The following information is available concerning the year ending May 31,2011:
The forecast sales for the year are $1,400,000 and the gross profit is expected to be 30% of sales. Eighty percent of all sales are on credit. At present the average collection period is six weeks but it is likely that this will change to eight weeks in the forthcoming year.
At the year-end, inventory is expected to be 25% higher than at the beginning of the year.
During the year the company intends to pay $40,000 for a fleet of delivery vans.
Administration expenses for the year are expected to be $225,000(including $12,000 for depreciation of buildings and $38,000 for depreciation of furniture and fixtures). Selling expenses are expected to be $85,000(including $10,000 for depreciation of delivery vans).
All purchases are on credit. It has been estimated that the average payment period taken will be 12 weeks during the forthcoming year.

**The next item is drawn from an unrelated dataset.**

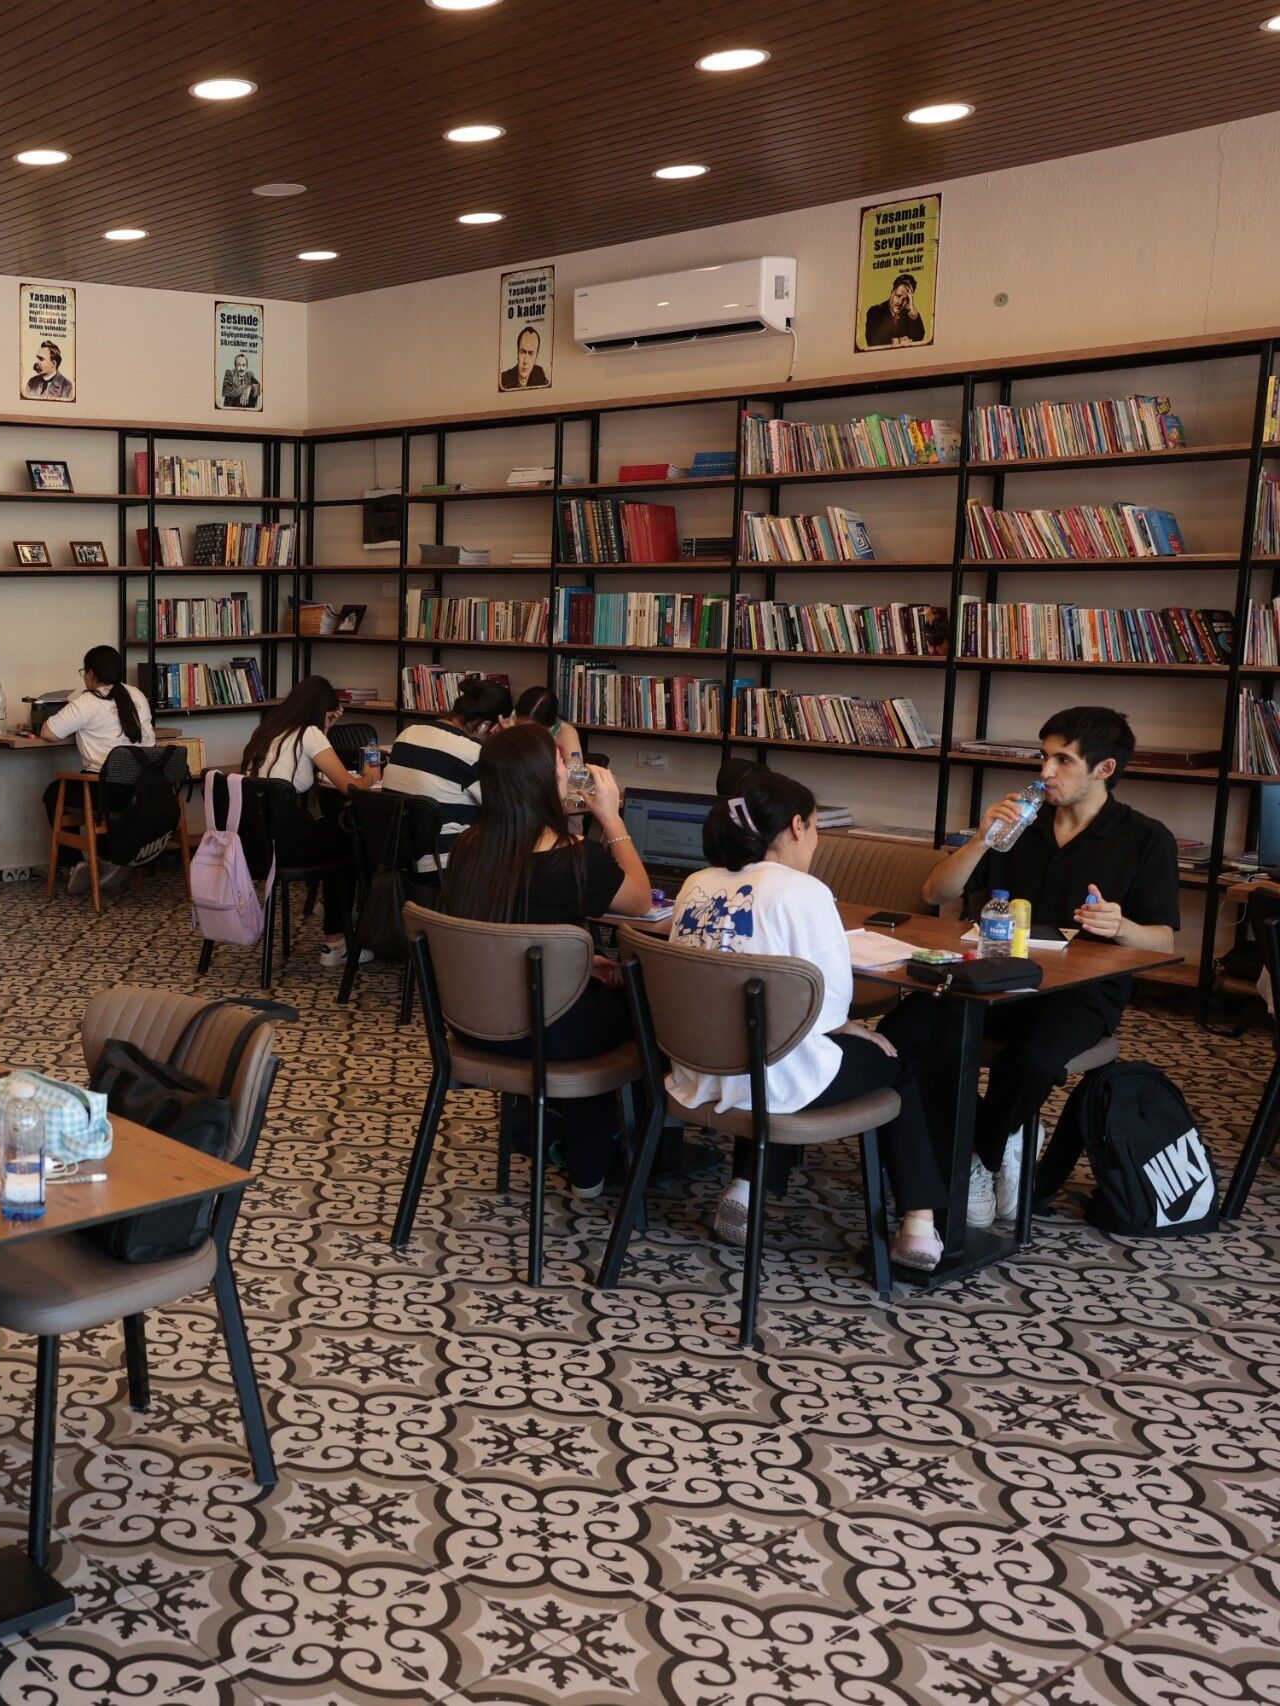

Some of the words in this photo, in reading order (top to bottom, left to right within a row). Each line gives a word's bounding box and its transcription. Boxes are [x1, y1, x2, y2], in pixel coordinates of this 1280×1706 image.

Income taxes for the year are expected to be $34,000. Half of this will be paid during the year and the remaining half will be outstanding at the year-end.
Dividends declared and paid for the year are expected to be $0.06 per share.
There are 500,000 shares outstanding.
All calculations should be made to the nearest thousand dollars.
Required:
(a)Prepare a pro forma income statement for the year ended May 31,2011.
(b)Prepare a pro forma statement of retained earnings for the year ended May 31,2011.
(c)Prepare a pro forma balance sheet as at May 31,2011.
Note: The cash balance will be the balancing figure.